Open technology for scalable, flexible, interoperability
Open technology is proven at all levels of NHS digital maturity. It leverages, rather than discards, investment in existing systems and reduces the need for expensive rip and replace programmes. It quickly reduces reliance on proprietary solutions, reducing recurring costs. Plus, by minimising disruption and upheaval, the entire process is not only cheaper, but also faster; this allows an acceleration of digital transformation programmes that deliver real benefits to both patients and clinicians.
Most trusts are already using interoperability to create interfaces between a trust integration engine (TIE) and various applications, from clinical radiology systems to administrative workforce scheduling.
The same open technology principle is also being used for more complex, multi-trust and/or multi-TIE, interoperability. Interoperability is allowing trusts to merge and become one virtual entity by pulling together the information from multiple SCRs into a single interoperability record. Furthermore, this interoperability record can offer so much more than the inherently limited SCRs by rapidly integrating any number of clinical systems to provide not only basic patient data, but also the depth and breadth of insight required to truly support effective clinical decision-making and, in addition, allow interaction with this data to support truly integrated care pathways.
The interoperability model can be used to enable alliances between different trusts – for example, enabling multiple trusts in one region to share pathology and radiology results.
As ICS digital maturity increases, the open technology approach will be required by the majority of trusts to, ultimately, provide the connectivity required to achieve the long-term goal of longitudinal patient records. Delivering interoperability at scale, irrespective of the next generation of NHS policies, standards, criteria and funding, open technology-led interoperability will be the foundation for NHS development for the foreseeable future.

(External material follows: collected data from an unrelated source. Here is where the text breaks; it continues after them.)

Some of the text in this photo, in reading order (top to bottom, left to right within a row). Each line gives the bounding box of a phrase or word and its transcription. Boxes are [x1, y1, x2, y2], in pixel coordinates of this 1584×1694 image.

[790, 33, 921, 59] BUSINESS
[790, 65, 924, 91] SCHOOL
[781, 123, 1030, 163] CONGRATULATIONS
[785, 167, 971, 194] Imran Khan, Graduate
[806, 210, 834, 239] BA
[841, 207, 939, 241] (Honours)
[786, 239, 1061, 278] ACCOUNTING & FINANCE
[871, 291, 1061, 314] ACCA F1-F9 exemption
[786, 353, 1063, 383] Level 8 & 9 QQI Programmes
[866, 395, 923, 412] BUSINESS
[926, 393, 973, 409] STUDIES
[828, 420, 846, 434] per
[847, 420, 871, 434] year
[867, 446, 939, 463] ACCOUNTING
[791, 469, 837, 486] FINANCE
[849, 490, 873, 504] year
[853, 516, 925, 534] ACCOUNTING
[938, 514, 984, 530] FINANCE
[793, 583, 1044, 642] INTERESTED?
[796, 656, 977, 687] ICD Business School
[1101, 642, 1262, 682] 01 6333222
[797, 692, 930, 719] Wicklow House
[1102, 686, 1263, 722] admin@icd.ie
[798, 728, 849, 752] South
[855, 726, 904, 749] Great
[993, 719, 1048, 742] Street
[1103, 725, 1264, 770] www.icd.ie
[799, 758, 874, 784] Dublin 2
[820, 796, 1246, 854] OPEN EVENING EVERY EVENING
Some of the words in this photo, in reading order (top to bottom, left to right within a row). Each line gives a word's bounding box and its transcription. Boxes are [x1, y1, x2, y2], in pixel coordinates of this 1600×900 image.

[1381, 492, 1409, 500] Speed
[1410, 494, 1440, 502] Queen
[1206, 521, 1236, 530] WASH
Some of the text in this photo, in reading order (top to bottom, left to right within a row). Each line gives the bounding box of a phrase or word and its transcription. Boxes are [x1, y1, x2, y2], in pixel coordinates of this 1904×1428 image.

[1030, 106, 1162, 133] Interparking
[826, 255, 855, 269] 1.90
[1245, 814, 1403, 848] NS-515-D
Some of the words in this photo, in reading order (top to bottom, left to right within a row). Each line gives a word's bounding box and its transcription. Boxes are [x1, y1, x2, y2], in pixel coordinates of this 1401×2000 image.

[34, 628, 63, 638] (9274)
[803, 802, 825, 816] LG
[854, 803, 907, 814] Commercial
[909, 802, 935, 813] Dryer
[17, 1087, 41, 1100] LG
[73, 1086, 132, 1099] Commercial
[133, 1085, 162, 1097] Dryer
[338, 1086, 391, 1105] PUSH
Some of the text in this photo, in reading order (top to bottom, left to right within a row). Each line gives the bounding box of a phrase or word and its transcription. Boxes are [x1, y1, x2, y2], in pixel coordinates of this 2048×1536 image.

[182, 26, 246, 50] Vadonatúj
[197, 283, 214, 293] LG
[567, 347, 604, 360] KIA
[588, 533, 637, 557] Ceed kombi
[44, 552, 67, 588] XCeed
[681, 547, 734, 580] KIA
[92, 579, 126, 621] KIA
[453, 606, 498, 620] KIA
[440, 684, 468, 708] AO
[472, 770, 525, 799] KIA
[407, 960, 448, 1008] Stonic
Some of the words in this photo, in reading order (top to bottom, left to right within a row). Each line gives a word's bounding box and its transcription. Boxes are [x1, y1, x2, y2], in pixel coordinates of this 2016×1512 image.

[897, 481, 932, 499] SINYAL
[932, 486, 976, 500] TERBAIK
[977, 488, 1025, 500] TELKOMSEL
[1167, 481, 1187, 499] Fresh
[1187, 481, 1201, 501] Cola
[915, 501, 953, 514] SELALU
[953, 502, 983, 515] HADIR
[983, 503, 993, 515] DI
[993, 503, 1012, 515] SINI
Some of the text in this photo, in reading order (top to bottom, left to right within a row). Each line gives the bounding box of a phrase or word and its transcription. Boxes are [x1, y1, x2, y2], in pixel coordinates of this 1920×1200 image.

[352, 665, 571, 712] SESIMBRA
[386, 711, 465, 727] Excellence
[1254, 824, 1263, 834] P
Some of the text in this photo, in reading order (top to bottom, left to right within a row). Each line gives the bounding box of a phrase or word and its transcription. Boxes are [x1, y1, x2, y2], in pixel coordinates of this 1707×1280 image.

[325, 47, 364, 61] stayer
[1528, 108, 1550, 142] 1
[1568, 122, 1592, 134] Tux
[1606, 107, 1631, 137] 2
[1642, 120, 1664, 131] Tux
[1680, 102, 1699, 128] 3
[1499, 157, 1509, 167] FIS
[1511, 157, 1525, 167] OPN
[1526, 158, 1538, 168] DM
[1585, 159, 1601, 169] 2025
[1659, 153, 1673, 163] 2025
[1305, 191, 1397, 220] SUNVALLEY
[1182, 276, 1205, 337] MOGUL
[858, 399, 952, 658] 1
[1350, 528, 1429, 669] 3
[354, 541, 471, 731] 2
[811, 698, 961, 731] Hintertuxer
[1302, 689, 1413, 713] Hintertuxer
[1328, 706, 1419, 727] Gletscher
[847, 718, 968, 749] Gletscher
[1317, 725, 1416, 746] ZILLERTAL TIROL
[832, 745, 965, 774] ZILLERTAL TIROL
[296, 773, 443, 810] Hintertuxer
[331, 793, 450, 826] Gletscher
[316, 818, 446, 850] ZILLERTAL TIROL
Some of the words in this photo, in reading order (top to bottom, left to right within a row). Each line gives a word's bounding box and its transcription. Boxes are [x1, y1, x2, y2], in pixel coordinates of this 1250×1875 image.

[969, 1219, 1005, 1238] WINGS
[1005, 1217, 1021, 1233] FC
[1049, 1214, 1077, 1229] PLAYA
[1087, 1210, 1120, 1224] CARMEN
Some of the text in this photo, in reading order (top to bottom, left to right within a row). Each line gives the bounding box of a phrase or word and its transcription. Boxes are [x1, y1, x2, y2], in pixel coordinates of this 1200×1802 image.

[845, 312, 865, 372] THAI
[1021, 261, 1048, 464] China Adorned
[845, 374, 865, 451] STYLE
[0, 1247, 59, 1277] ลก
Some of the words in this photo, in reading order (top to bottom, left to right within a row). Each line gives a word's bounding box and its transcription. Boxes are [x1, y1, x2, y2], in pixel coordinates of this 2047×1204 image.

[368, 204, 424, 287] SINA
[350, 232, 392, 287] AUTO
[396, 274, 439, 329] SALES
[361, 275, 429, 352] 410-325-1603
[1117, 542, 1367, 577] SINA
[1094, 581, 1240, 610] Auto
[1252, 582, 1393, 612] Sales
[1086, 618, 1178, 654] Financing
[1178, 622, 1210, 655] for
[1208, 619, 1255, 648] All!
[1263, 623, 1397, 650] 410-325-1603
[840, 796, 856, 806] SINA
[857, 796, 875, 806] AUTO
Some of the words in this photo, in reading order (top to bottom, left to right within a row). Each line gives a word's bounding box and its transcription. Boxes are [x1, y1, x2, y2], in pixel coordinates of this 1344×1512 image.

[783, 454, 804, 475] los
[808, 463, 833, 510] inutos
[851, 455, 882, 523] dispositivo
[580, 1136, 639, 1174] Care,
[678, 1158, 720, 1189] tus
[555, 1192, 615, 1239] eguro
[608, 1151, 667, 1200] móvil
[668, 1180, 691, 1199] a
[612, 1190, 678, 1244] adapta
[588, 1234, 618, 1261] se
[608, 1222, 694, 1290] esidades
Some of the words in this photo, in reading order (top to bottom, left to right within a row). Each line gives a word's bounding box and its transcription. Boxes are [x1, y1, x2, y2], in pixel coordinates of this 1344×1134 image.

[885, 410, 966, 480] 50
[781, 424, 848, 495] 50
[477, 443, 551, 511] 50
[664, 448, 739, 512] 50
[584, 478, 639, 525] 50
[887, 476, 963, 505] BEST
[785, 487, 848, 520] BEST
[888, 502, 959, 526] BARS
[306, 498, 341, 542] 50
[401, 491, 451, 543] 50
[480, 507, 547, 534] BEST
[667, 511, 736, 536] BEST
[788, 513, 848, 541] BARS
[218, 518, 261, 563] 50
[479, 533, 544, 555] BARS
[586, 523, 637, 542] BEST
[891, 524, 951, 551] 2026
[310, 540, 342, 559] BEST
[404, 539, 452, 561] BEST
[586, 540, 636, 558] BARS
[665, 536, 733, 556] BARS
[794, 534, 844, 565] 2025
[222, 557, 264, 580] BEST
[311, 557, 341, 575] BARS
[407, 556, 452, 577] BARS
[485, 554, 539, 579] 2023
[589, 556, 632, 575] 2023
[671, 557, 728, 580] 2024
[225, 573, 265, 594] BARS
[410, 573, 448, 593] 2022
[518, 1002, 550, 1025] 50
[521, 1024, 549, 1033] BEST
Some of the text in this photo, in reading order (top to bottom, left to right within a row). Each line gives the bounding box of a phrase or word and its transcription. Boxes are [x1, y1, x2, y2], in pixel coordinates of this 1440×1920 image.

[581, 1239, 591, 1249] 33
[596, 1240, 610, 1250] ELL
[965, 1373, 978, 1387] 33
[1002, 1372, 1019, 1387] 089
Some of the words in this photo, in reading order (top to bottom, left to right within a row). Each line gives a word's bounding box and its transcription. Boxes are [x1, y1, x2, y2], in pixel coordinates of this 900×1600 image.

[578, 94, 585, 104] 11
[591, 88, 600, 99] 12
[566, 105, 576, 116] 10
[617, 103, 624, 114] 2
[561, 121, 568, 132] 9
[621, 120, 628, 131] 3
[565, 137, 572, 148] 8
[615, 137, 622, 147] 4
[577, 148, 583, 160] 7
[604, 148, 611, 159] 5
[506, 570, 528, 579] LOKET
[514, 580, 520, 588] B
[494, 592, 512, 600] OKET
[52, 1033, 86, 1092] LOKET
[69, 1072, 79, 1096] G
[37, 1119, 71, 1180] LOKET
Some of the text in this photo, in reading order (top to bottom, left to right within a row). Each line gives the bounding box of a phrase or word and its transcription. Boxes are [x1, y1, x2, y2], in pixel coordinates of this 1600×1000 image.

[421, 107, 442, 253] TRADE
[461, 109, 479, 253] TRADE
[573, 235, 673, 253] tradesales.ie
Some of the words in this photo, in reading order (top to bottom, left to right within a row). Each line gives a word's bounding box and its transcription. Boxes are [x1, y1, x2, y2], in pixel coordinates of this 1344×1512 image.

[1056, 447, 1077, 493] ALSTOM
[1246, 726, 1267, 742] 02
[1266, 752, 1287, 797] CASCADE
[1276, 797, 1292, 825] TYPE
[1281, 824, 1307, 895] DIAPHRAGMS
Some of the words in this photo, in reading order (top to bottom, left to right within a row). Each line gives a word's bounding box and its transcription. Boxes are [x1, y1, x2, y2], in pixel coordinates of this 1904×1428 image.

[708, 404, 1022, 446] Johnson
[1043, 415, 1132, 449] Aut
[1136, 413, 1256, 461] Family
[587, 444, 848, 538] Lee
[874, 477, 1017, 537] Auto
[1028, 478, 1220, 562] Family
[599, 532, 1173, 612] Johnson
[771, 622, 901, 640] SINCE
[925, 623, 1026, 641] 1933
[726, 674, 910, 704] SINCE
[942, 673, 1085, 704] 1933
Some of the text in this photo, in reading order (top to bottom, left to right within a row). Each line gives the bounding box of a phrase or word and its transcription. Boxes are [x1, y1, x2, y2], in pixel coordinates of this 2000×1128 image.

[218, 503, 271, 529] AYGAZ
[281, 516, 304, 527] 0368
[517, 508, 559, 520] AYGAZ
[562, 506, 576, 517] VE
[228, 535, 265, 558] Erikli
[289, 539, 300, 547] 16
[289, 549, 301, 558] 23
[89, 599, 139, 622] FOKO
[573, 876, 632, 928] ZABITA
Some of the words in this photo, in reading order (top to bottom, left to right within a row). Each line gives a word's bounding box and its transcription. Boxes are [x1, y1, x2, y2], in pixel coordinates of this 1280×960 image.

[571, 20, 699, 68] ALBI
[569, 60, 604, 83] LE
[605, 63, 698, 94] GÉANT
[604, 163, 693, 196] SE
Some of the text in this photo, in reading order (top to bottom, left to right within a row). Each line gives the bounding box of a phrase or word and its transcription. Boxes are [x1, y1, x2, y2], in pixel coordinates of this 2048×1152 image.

Every NHS organisation needs to have a coherent data strategy to be assured that information can be best utilised across a geographic region to meet the challenges presented as virtual wards, integrated clinical pathways, population health strategies, system convergence and trust mergers over the coming years. Interoperability, based on an open approach, is at the heart of that data strategy, providing assurance through a robust, durable data model irrespective of vendors, standards, and political whim.
In addition, except for the handful of trusts with the internal capability to deliver the strategy themselves, NHS organisations will also need an expert partner, and the necessary software platform, to deliver interoperability across all levels of digital maturity.